Also comprise before the said step 1:
Step 21 is carried out pre-service to training webpage and webpage to be identified, removes the webpage label, obtains the text of the character of web displaying, and ESC is reduced;
Said step 21 also comprises:
Step 31 converts the write the two or more syllables of a word together alphabetic coding of representing two characters in the text into the coding that splits two corresponding characters of back;
Step 32 judges before the prefix vowel whether have hamza, if do not have, then before said prefix vowel, adds;
Step 33 judges whether the prefix vowel is the compound vowel letter, if then said compound vowel letter is split as two corresponding characters;
Step 34 converts the letter in the Arabic alphabet expansion area into the letter of correspondingly-shaped in the Arabic alphabet base region.

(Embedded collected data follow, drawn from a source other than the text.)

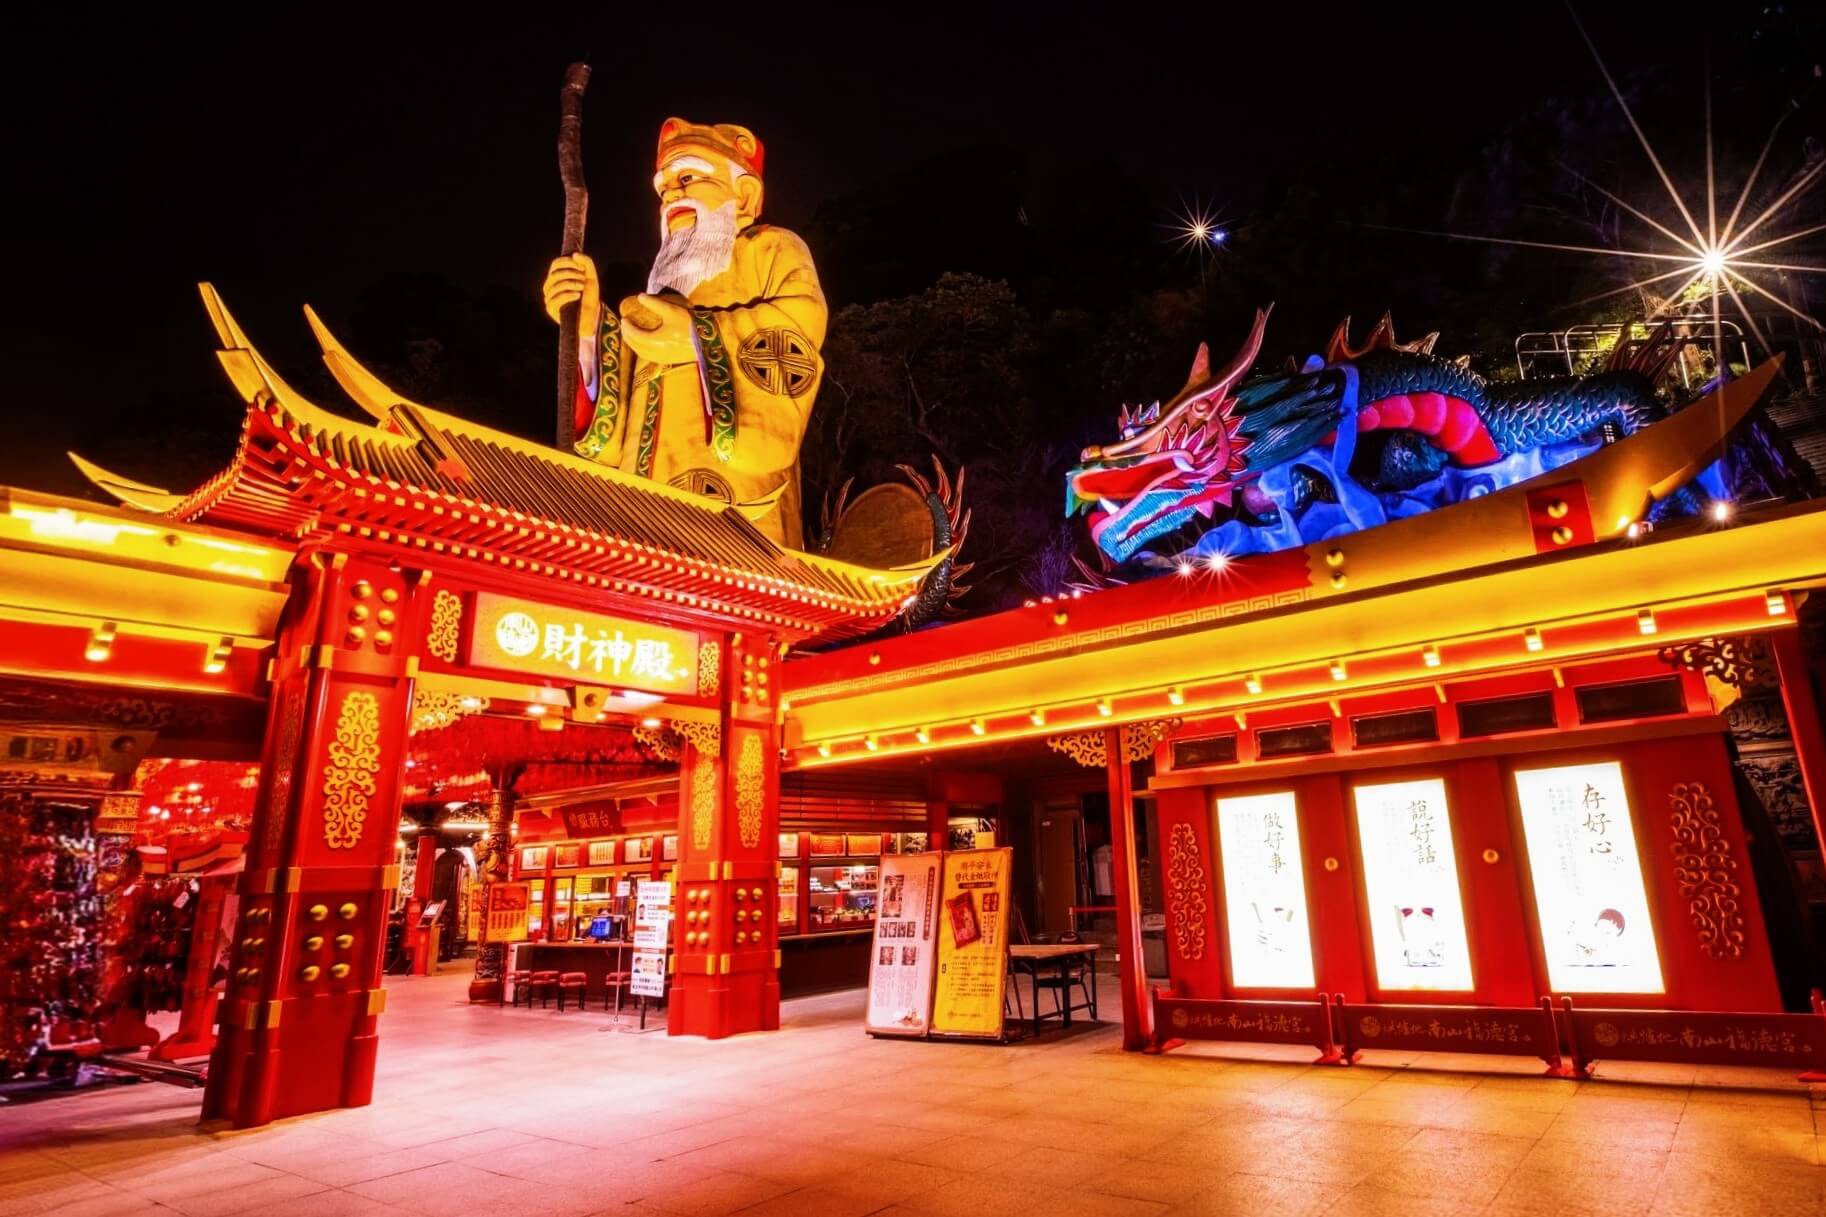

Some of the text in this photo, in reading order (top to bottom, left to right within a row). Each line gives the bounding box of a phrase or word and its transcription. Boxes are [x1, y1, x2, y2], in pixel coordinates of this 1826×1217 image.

[541, 624, 674, 680] 財神殿
[1264, 812, 1286, 874] 做好事
[1407, 800, 1437, 864] 說好話
[1582, 783, 1613, 854] 存好心
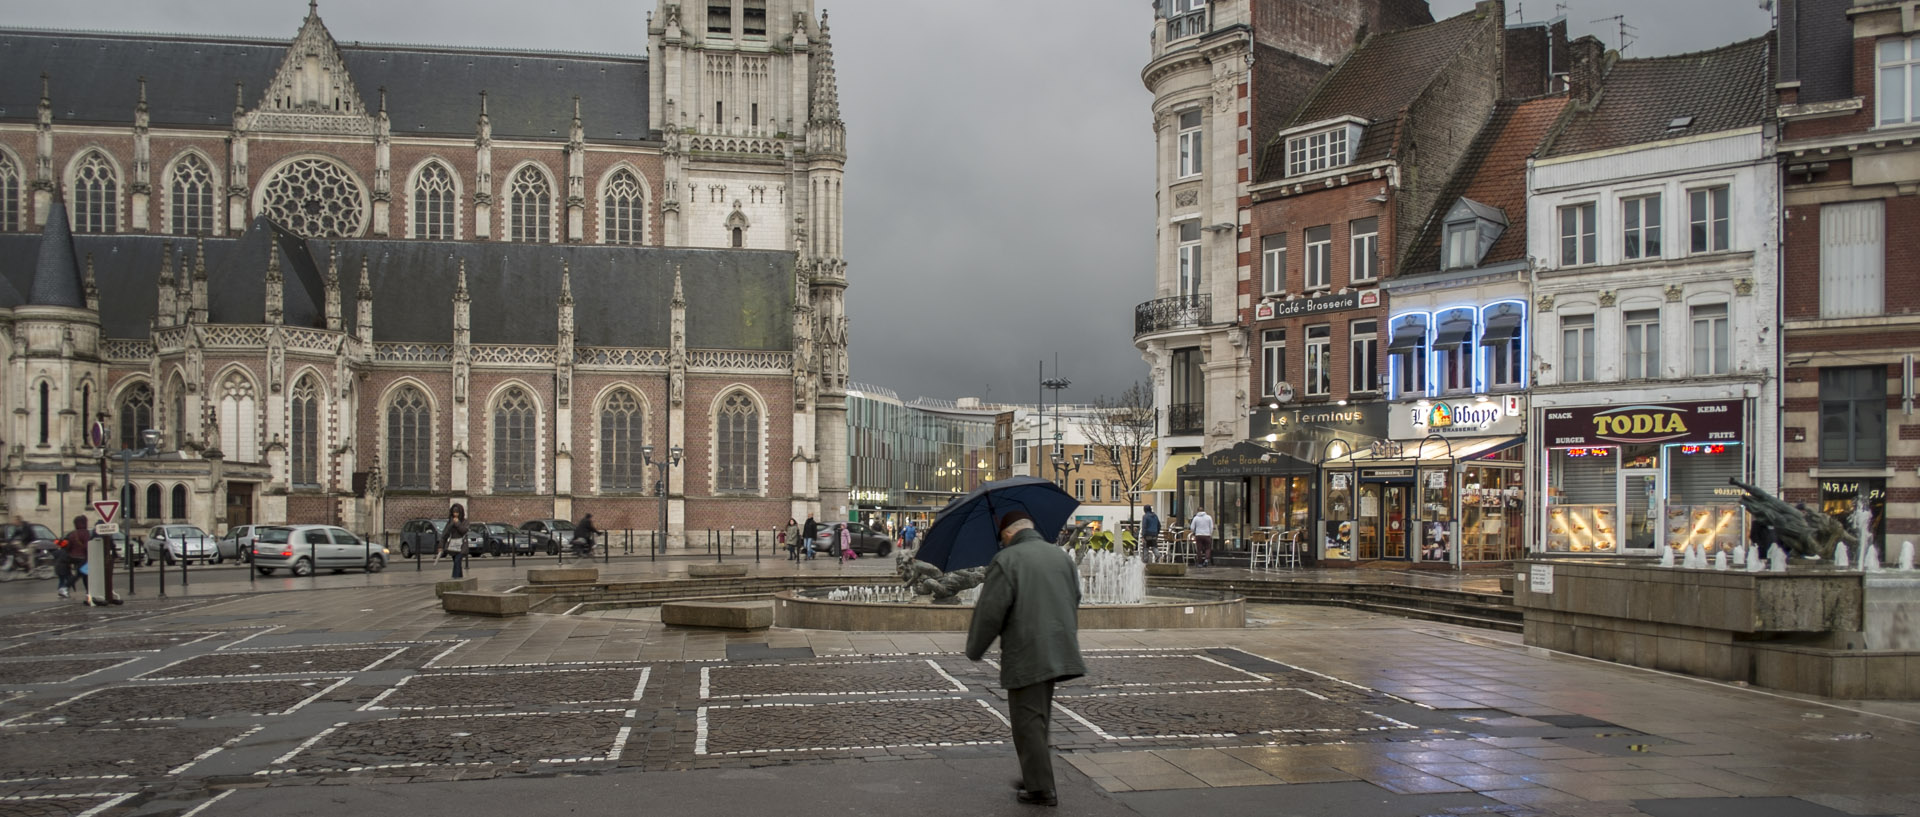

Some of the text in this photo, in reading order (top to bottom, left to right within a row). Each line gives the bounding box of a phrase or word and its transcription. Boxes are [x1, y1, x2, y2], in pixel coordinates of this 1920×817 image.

[1279, 302, 1299, 314] Café
[1307, 299, 1353, 311] Brasserie
[1697, 405, 1728, 413] KEBAB
[1270, 409, 1363, 425] Le Terminus
[1548, 412, 1573, 420] SNACK
[1593, 412, 1688, 435] TODIA
[1708, 431, 1735, 439] FRITE
[1370, 438, 1401, 458] Leffe
[1212, 455, 1229, 465] Café

Confirm in the said step 1 as the value of n in the n tuple of recognition feature further to do,
Step 41 for every kind of language that training is used in the webpage, is added up the probability of occurrence of i tuple in the said language, and the value of i is 1 to m, and m is a preset value;
Step 42 preferentially selects the higher i tuple of probability of occurrence as recognition feature according to said probability of occurrence.

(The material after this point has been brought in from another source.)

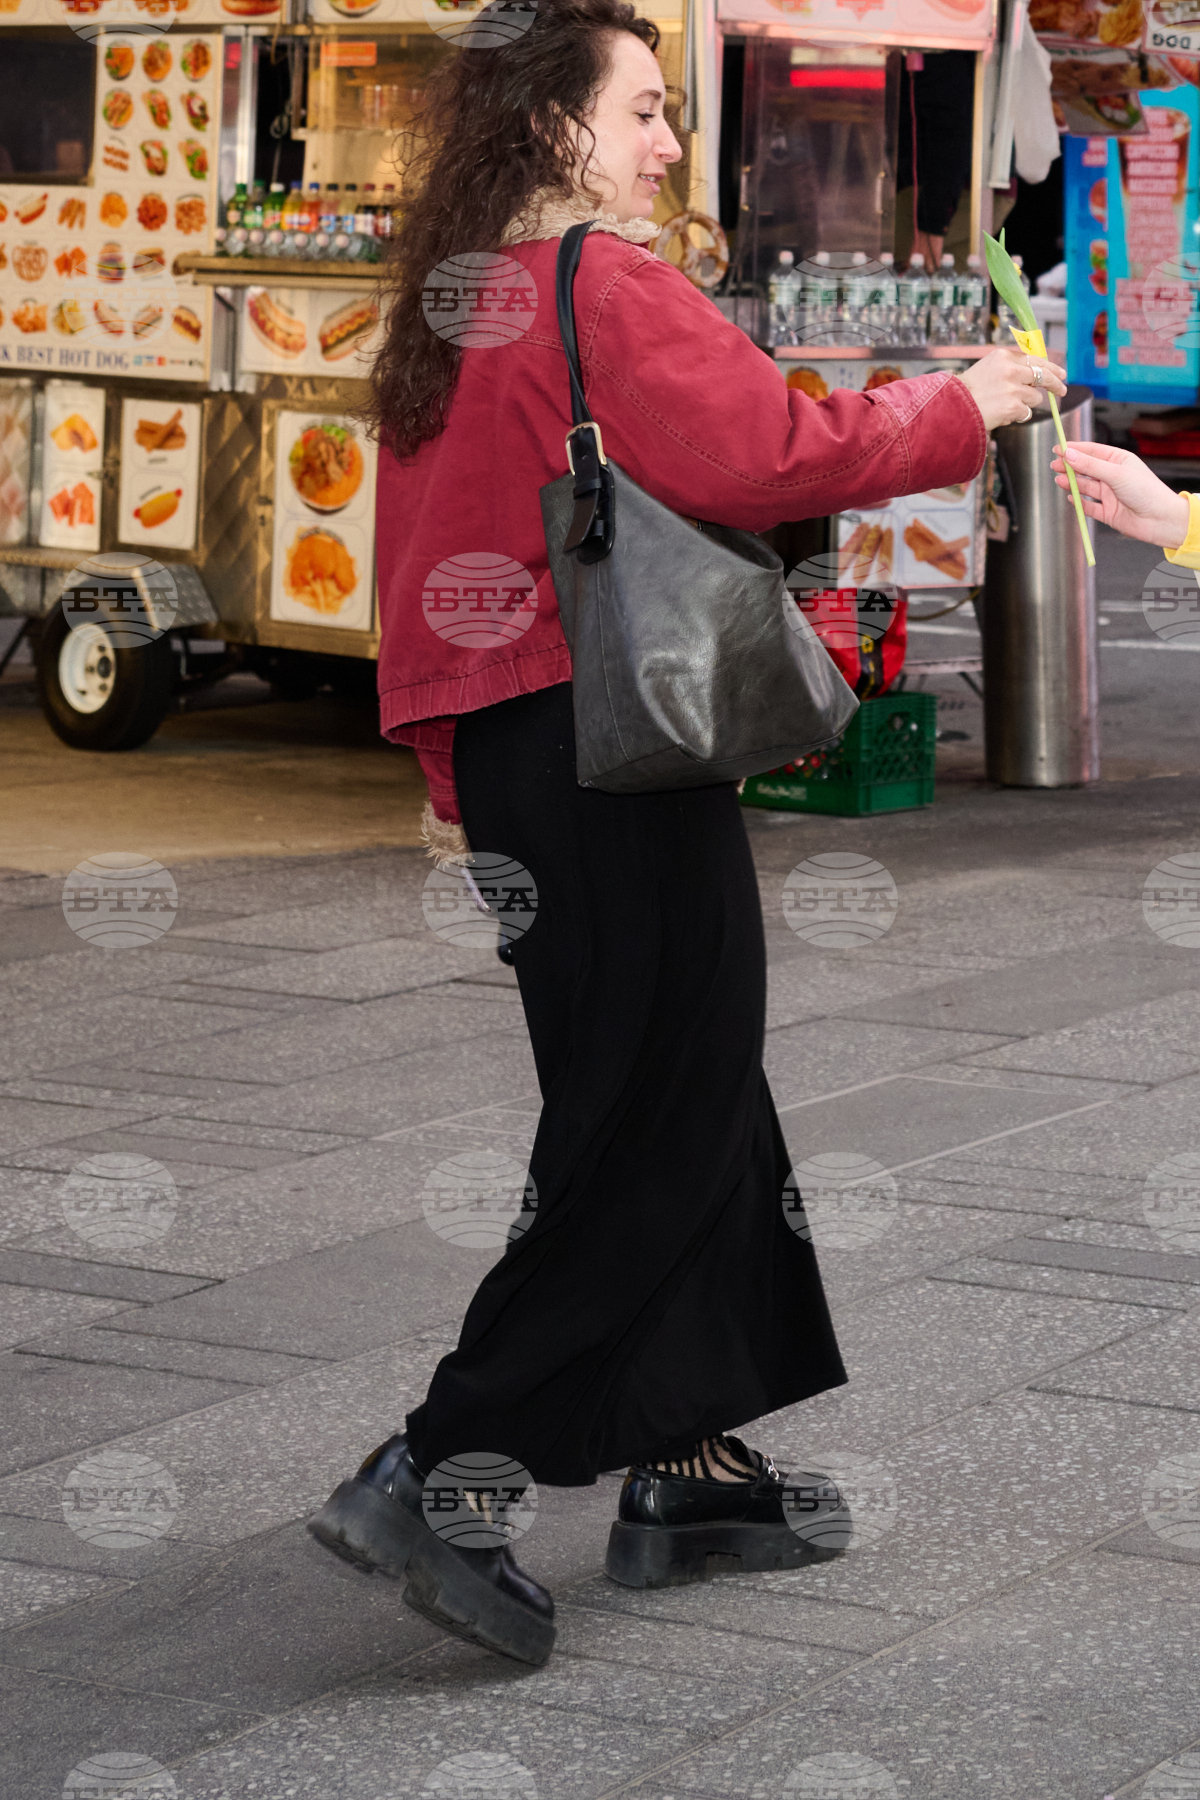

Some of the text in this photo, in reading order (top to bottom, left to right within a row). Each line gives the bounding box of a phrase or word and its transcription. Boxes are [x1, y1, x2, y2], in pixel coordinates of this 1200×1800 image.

[1152, 34, 1191, 49] DOG
[17, 347, 53, 365] BEST
[59, 349, 91, 367] HOT
[96, 352, 130, 370] DOG

Also comprise in the said step 1:
Step 51 for every kind of language, is pressed rank from big to small with weighted value, and K weighted value before choosing records weighted value of choosing and said weighted value characteristic of correspondence ID in the feature weight table of said language; Preceding K weighted value addition of said language is greater than pre-set threshold value, and K is the corresponding selected value of said language;
The every kind of language that uses for the training webpage in the said step 2, the occurrence number of the weighted value of characteristic ID and the identification id identical with said characteristic ID multiplied each other further does,
Step 52, the every kind of language that uses for the training webpage multiplies each other the occurrence number of the weighted value of characteristic ID in the feature weight table of said language and the identification id identical with said characteristic ID.
The occurrence number of each n tuple in the statistics webpage to be identified in the said step 2 is got said n tuple significance bit in the preset standard coding and is also comprised after generating the corresponding identification id of said occurrence number,
Step 61, the occurrence number of the said n tuple of storage is the subscript of said storage unit with said identification id in storage unit, each storage unit is formed n tuple array;
The every kind of language that uses for the training webpage in the said step 2, the occurrence number of the weighted value of characteristic ID and the identification id identical with said characteristic ID multiplied each other further does,
Step 62; For every kind of language; Travel through the feature weight table of said language,, read the characteristic ID of said row for each row of feature weight table; In said n tuple array, search the storage unit that is designated as said characteristic ID down, the numerical value of the cell stores that finds and the weighted value of said row are multiplied each other.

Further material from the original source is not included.